Psoriasis Patients at Higher Risk for Heart Attacks

Skin disease is related to increased cardiovascular disease

(RxWiki News) For people who suffer from the inflammatory skin disease psoriasis, their risks of a heart attack, stroke, or dying from cardiovascular disease are much higher.

The build up of plaque seems to be the common element that connects the two. Psoriasis patients are 26 percent more likely to suffer a heart attack or other cardiovascular event.

"Psoriasis patients should monitor their heart health carefully."

Ole Ahlehoff, MD, cardiologist with Copenhagen University Hospital Gentofte, led the research that studied nearly 50,000 patients who had experienced their first heart attack between 2002 and 2006. Four hundred and sixty-two of those also had psoriasis, and the remaining patients were used as control subjects.

The team followed the patients for 19 to 22 months, and found that the patients with psoriasis had higher death rates, being 26 more likely to die from cardiovascular disease and 18 percent more likely to die from all causes. 

Psoriasis is a common condition that affects 125 million people worldwide. The disease affects the skin cells, replacing naturally-shedding cells much more quickly than in people without psoriasis. This creates a build-up of psoriatic plaque. Heart attacks are also caused by a build-up of plaque in the arteries, and the key finding of a Danish study is the relationship between these two conditions.

The psoriatic patients also had higher rates of hospitalization for severe chest pain.

Dr.

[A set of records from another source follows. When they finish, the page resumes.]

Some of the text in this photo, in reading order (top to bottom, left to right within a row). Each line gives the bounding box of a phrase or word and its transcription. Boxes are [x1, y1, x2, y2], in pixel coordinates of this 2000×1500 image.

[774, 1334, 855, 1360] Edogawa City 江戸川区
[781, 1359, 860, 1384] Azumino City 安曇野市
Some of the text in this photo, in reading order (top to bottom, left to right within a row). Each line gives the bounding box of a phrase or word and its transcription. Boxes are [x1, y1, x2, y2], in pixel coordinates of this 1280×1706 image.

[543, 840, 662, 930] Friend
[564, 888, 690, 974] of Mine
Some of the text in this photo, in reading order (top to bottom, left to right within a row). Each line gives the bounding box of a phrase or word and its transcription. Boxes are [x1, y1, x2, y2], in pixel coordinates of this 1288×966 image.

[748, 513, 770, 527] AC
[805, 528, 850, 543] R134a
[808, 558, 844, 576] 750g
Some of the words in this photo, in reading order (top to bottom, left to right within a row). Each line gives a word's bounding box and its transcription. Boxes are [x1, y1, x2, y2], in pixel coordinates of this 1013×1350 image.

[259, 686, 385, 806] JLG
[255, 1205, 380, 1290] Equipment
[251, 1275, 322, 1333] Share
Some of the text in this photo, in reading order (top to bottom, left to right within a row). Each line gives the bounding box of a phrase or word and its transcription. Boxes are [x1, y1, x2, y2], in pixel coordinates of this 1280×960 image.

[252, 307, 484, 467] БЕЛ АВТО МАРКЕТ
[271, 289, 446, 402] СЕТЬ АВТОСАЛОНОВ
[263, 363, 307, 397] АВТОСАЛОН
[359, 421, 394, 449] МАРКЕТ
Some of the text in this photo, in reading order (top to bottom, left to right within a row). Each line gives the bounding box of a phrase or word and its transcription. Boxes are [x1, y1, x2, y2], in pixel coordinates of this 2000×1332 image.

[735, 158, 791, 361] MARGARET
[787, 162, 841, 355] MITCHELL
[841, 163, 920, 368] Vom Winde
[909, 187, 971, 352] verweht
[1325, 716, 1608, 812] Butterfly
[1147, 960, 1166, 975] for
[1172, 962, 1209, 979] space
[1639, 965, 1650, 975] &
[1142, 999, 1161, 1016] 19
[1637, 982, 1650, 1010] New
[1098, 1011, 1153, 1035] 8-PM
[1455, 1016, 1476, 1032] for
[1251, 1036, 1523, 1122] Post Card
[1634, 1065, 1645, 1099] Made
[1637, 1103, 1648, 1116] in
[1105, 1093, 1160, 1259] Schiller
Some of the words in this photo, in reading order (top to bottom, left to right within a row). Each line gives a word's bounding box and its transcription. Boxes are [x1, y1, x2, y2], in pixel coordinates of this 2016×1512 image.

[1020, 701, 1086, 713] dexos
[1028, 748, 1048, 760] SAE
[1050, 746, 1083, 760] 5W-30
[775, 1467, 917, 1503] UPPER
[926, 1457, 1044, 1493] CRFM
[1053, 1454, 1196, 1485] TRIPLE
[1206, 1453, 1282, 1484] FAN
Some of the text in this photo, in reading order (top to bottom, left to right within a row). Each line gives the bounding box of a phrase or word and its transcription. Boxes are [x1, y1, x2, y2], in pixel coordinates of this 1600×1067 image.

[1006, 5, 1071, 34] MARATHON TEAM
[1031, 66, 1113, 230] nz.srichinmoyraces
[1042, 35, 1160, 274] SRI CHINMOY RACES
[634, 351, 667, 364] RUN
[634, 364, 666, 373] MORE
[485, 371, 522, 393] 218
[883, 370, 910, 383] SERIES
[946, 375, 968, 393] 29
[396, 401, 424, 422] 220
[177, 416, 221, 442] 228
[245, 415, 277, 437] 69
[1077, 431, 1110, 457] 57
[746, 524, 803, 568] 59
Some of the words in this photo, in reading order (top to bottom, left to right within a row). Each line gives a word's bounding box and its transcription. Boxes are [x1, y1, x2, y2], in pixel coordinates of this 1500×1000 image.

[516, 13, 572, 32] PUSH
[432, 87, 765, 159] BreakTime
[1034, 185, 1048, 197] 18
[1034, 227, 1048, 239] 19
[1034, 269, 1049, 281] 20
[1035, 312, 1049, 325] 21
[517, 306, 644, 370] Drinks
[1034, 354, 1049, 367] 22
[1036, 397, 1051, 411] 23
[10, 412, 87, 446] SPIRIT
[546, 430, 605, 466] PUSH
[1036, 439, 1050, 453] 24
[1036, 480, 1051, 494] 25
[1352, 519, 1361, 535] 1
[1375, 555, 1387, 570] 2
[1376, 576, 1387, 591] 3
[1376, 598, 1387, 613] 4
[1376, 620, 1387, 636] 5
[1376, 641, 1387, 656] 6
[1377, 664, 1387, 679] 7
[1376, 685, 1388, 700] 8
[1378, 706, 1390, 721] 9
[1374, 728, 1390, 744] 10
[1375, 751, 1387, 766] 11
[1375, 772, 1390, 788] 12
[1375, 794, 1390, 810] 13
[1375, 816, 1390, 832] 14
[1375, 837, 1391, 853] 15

Ahlehoff says this indicates the need for a more aggressive approach to secondary prevention of cardiovascular disease in psoriatic patients. "Our findings show that people with psoriasis demonstrated a significantly increased risk of recurring adverse cardiovascular events and a trend for increased all-cause deaths after a heart attack."

Study findings were published in the September 2011 issue of the Journal of Internal Medicine.